Safe sex is taking on a new meaning beyond what we learned in health class. I, a 19-year-old who successfully completed sex education courses in the eighth grade, no longer know the proper steps to fornicate conscientiously.
That lack of knowledge is terrifying to me, but it’s also natural. We learn about condoms, birth control and other methods of safe-sex practice once for three weeks when we’re 13. The rest we’re expected to get from our parents — which might be effective for some, but is often overwhelmingly awkward and incomplete — or figure out on the job.
In itself, our sex ed is always incomplete. We learn about biology and bodily functions in our classes, but for the sexually-active individual, the learning experience lasts a lifetime.
According to collegestats.org, students reported having an average of five sexual partners during their time in college. Imagine finding a prospective partner, against all odds while following the COVID-19 guidelines against going to bars, parties, restaurants or social gatherings. You don’t feel an emotional connection, but you are interested in having consensual sex with another adult.
A year ago, the only health questions involved were about responsible sex — do you have a condom? Are you comfortable with the amount of previous partners they have had and the level of sexually transmitted infection testing they have had?
At its core, we are simply asking ourselves a question about responsibility: Do you feel you have adequate tools and information to prevent yourself from receiving an STD or becoming pregnant if applicable?
If you answer yes, and you and your partner are still interested, you can have “safe sex.” It was that easy.
Now, there is an additional checklist. Not only must we follow these responsible sex guidelines, but we must follow an unclear, unspoken set of rules which dictate both our own health and the health of every person we come into contact with.

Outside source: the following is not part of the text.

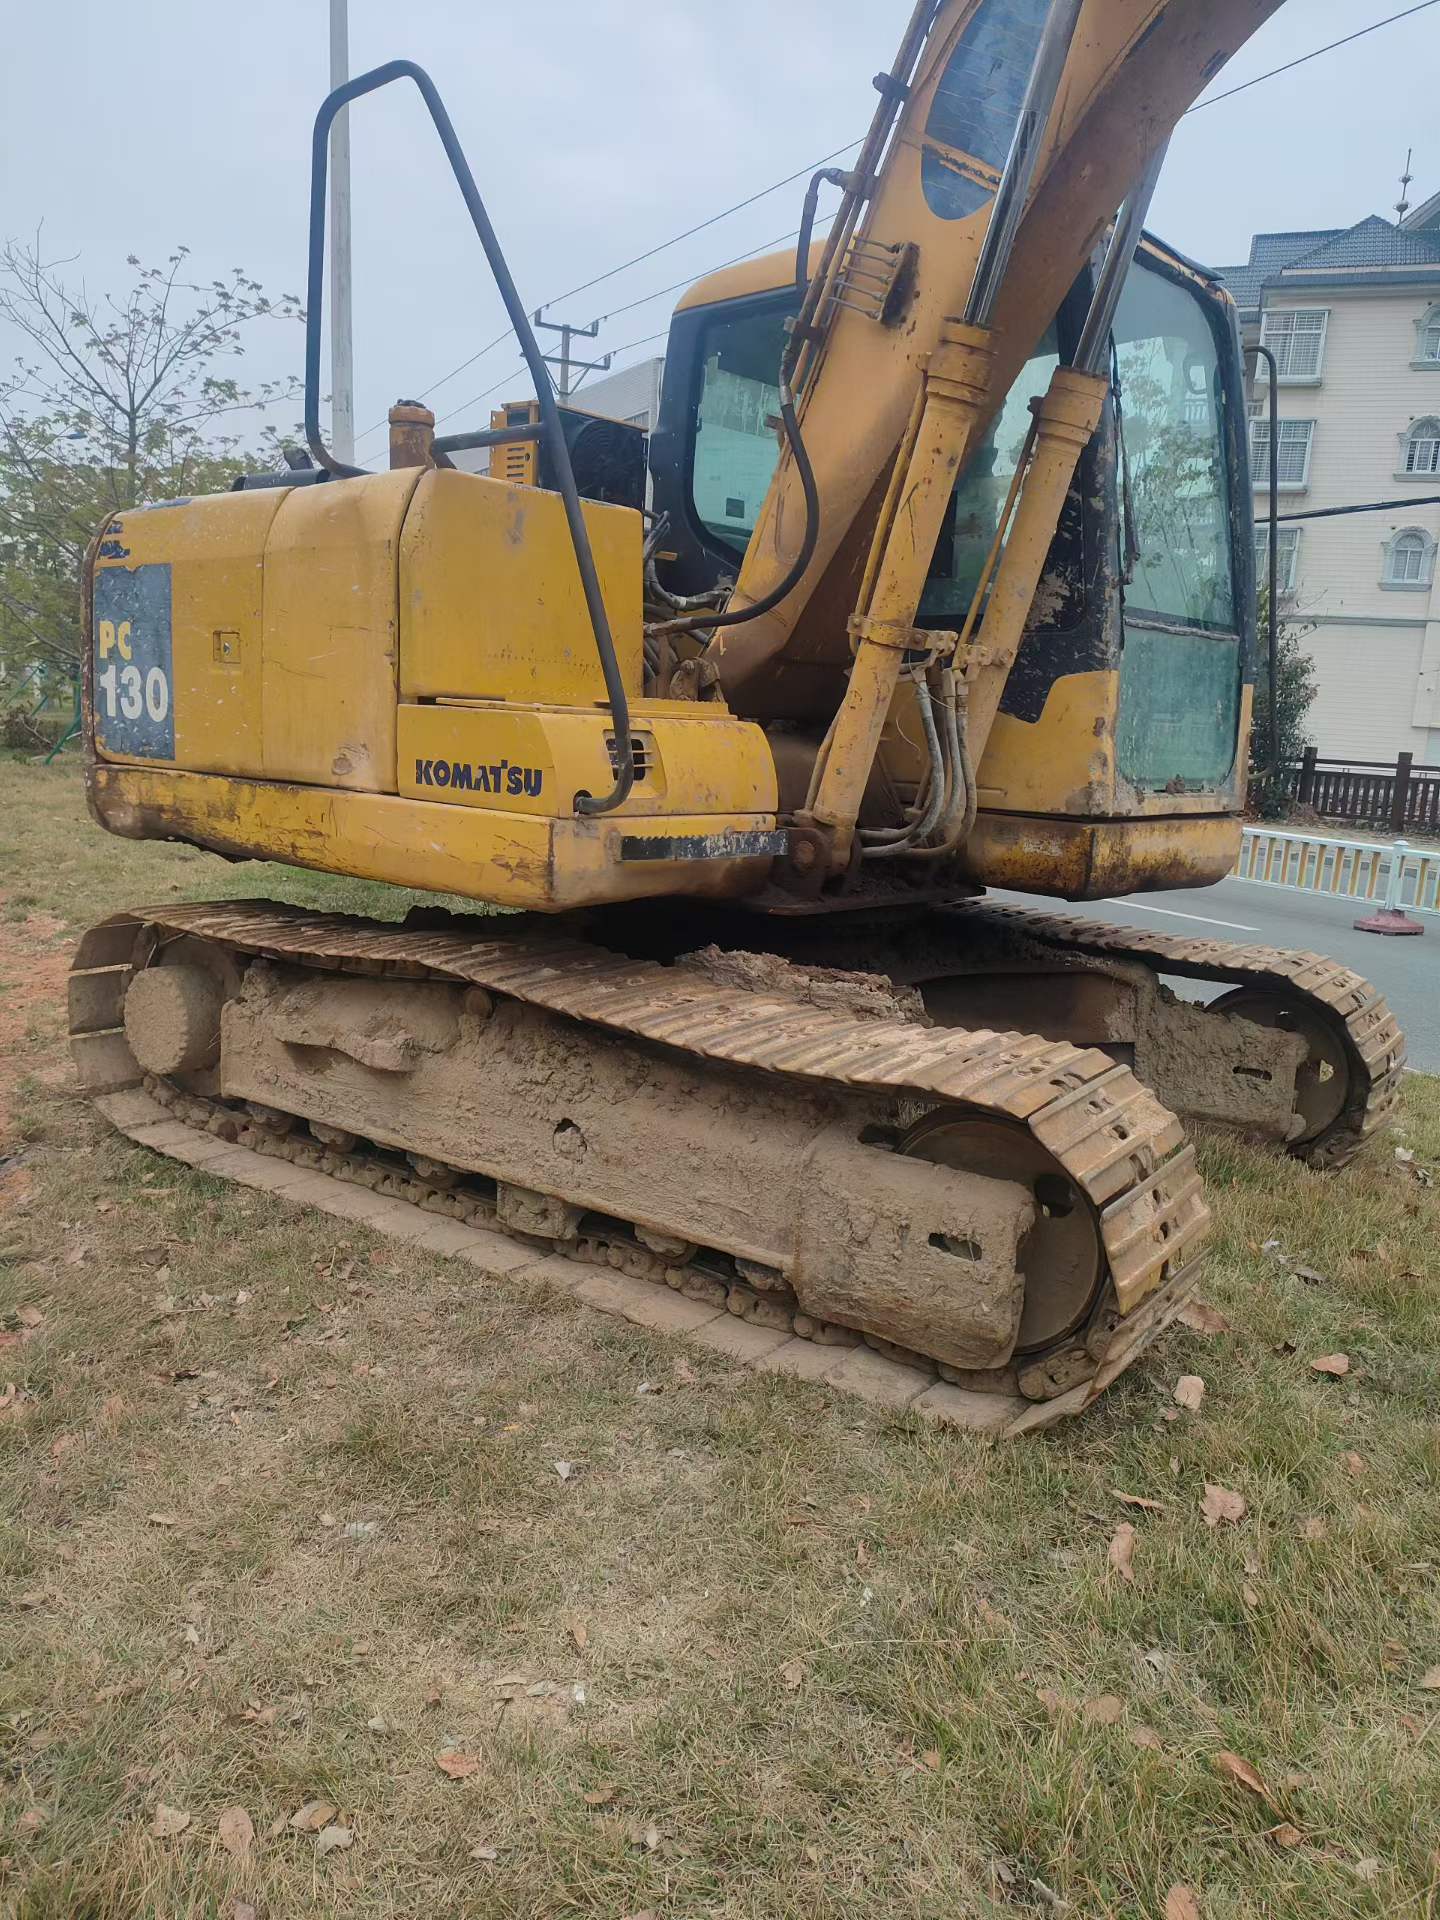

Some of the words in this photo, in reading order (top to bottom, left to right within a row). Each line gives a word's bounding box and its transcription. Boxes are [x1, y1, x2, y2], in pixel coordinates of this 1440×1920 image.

[99, 620, 132, 660] PC
[100, 664, 168, 722] 130
[415, 759, 542, 797] KOMATSU

We have to ask ourselves: Do you have a mask? Do you know how many people your partner has been in contact with, and if any of those people have tested positive in the past 14 days? Does your partner wear a mask when you’re not around? Do they attend bars, parties or gatherings, and do they socially distance?
We have to evaluate our comfort with our partners’ adherence to COVID-19 guidelines as well as our comfort with their responsible sex practices. We have to judge how much we trust the people we’re interested in hooking up with, often after knowing them for a short period of time.
These aren’t the only questions we need to ask of ourselves and of our partners. But there is so much uncertainty surrounding this new form of safety that it’s often difficult to discern which questions matter.
As college students, we must be accountable for every element of our social interactions during this pandemic. That’s why we must sexually reeducate ourselves about safe and healthy encounters.
I urge you to research your state’s guidelines for safe sex practices, research your school’s statements of sexual health during the pandemic and research the people you’re interested in having sex with to ensure that your decisions are responsible and safe for the community that surrounds you.